Sem lesco-lesco no carnaval, no corredor da firma, no banheiro da balada, nas escadas da faculdade, no chão da sala de aula… nada disso! É seca, abstinência, tá determinado.


Jovens deste Brasil em vertigem, agora é a hora de evocar os ensinamentos do mestre Henry Miller, no singelo Sexus, o primeiro volune da trilogia de sacanagem-existencial A Crucificação Encarnada. “O sexo é uma das nove razões para a reencarnação - respondi. - As outras oito são de pouca importância”, diz o cara do Trópico de Câncer.


Ele conclama, desafia, é hora de tirar a roupa, de beijar na boca, de trocar carícias, de viajar pelo corpo da parceira, de transar sem culpa no cartório. Se o homem mais fodão da literatura no século XX falou, então tá falado.


Pode ser amor romântico, amor erótico ou o pacote completo. Só a transa nos salva dessa tragédia política, social, comportamental e cultural que ganha as páginas dos jornais, os minutos na televisão e no rádio. É por isso que repito mais uma oração subordinada aos celibatários de plantão:


Triste de quem encampa essa asneira da ministra virjona e evita o amor, cai no conto do vigário, na mais tosca blasfêmia, diz “tô fora, sexo é só depois do casamento”, tira onda dos transões de plantão, condena-os com meias verdades fabricadas para a ocasião, bando de gente sem alma, sem fé, que praguejam parafernálias que o cronista até esquece o prumo do texto.


Como se o amor fosse ‘pecado’ e a gente devesse satisfação ao cara do dízimo da igreja. Ora, pra esses pastores boto na mesa mais uma máxima do velho Miller: “só quem confessa seus pecados vive leve”. Boa parte dos homens da fé se escondem nos versículos da bíblia e caem na putaria mais louca que se possa imaginar, mas depois estão lá, condenando os transões.


É, meu caro William Reich, dizem que a energia orgástica é coisa do capiroto, vê se tem cabimento, não é possível que isso não seja uma grande balela tragicômica.


Triste de quem passa pela vida e não sabe o que é o amor, a palpitação no coração ao ver aquela pessoa que nos enche de tesão, pode ser na fila do banheiro ou na mesa do botequim.
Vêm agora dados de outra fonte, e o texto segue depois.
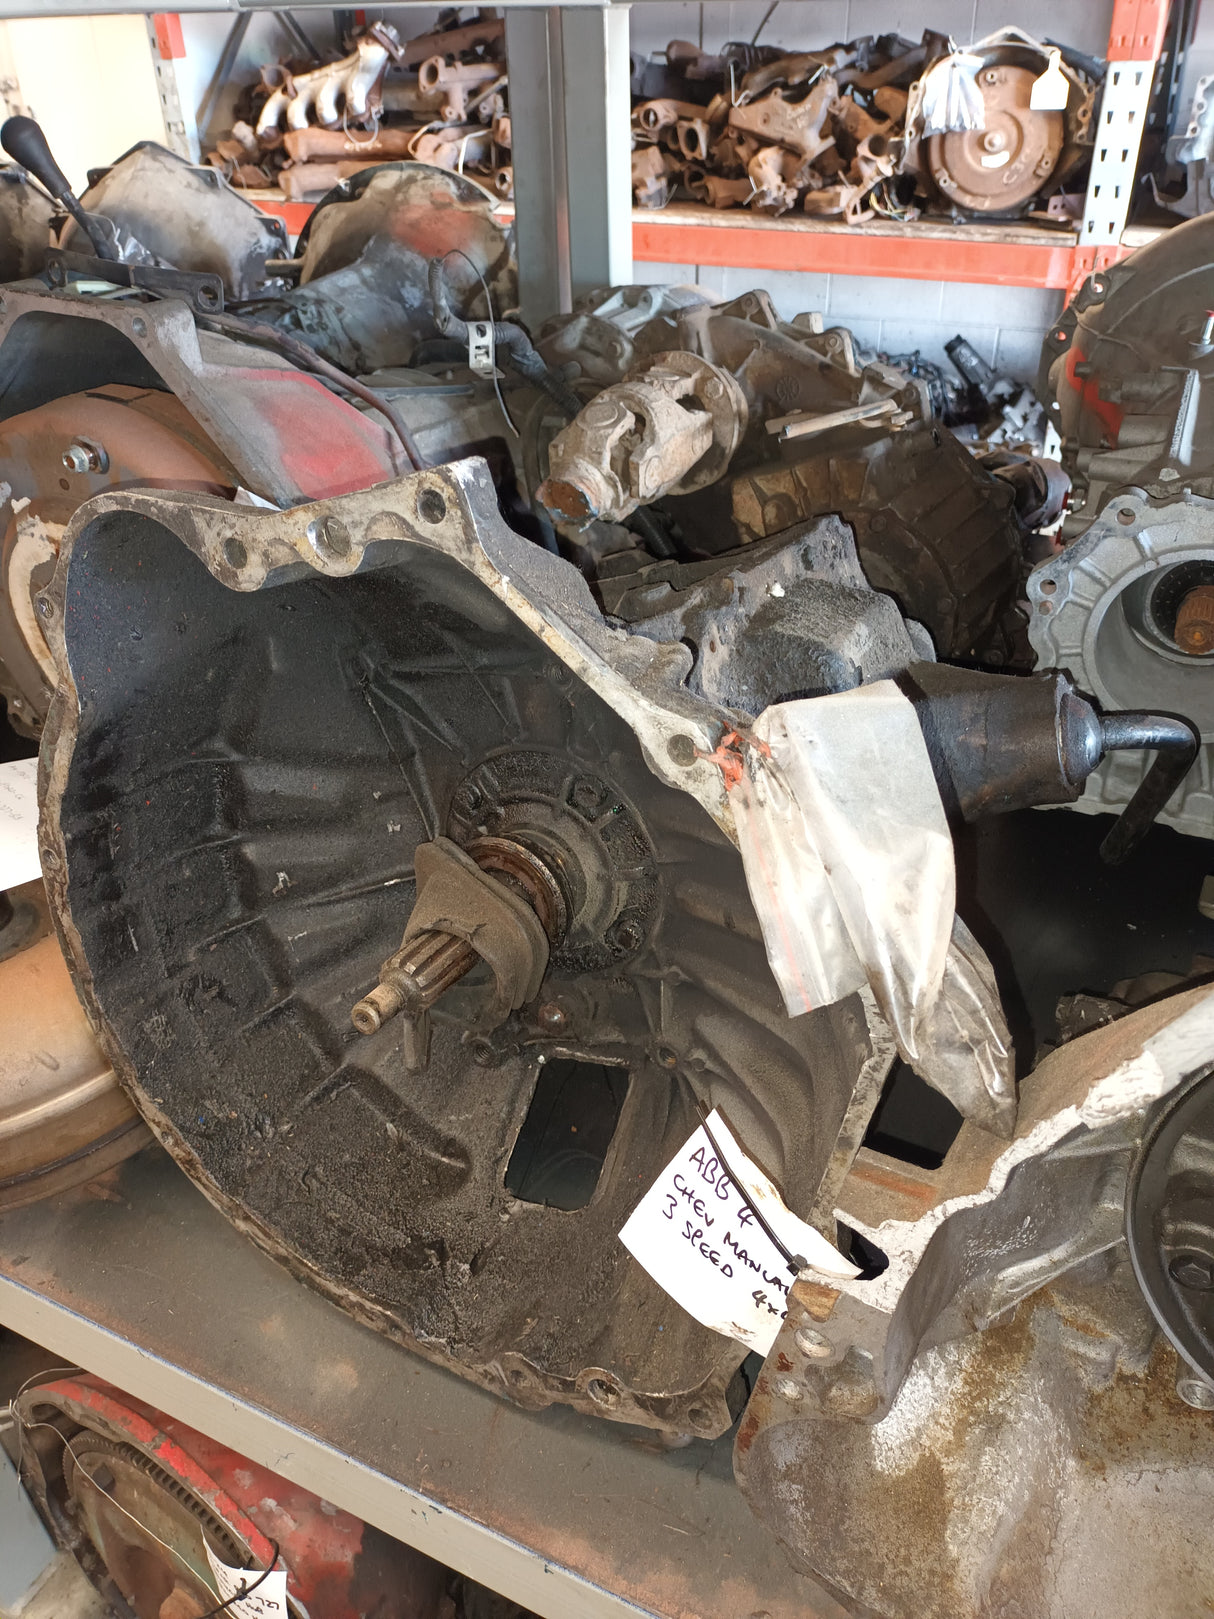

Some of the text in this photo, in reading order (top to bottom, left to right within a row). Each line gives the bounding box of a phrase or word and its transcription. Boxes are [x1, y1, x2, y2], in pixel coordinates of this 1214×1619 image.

Eis a vida, senhoras e senhores: sem medo de ser, sem ser covarde.


Tudo bem se você sentir a dor de cotovelo, com a mesma maldita pessoa, e ir atrás dela depois querendo provar um pouco mais daquela sensação.


Se der errado, sempre há o velho Lupicínio Rodrigues e uma garrafa de Jack Daniel´s pronta para atenuar as feridas da paixão. O que não dá é para deixar de viver.


Pior do que encerrar o afeto, é botar na cuca essa maluquice de abstinência sexual, tem sentido?, agora transar virou um ato revolucionário.


Todos os homens e mulheres são criaturas com singularidades, características próprias, únicas, que os fazem ser apaixonantes. Cada vez que uma folha se mexe no universo a vida é diferente - desculpa, caro Xico Sá, mas esta frase caberia bem neste rabisco.


Homens e mulheres são novidades. Podem até ser piores, uns mais do que os outros, a depender dos fatores que são levados em consideração, mas há em cada olhar, em cada beijo, uma história, um desejo, uma utopia.


Já pensou quanta gente maravilhosa você estaria dispensando por essa causa errada?


E quem disse, afinal, que o sexo é errado?


Sexo é uma viagem corporal, prazerosa, excitante, como uma onda de ácido.


E tem mais: é a única vacina possível para suportar o cotidiano massacrante imposto pelo capital. Vai nessa, aconselho! Só a foda cura, liberta, salva. Mesmo que seja eterna enquanto dure, com licença Vinícius de Moraes, o nosso poetinha que entendia bem do assunto.


Às vezes a gente não vai encontrar o amor da vida, porém encontra um belo e delicioso amor da semana, da quinzena, que de tão intenso e quente acende a vontade de viver. Foi bonita a festa, pá e pronto.


Vale tudo, só não vale a lorota da ministra tiazona. Sai dessa, meus caros e minhas caras.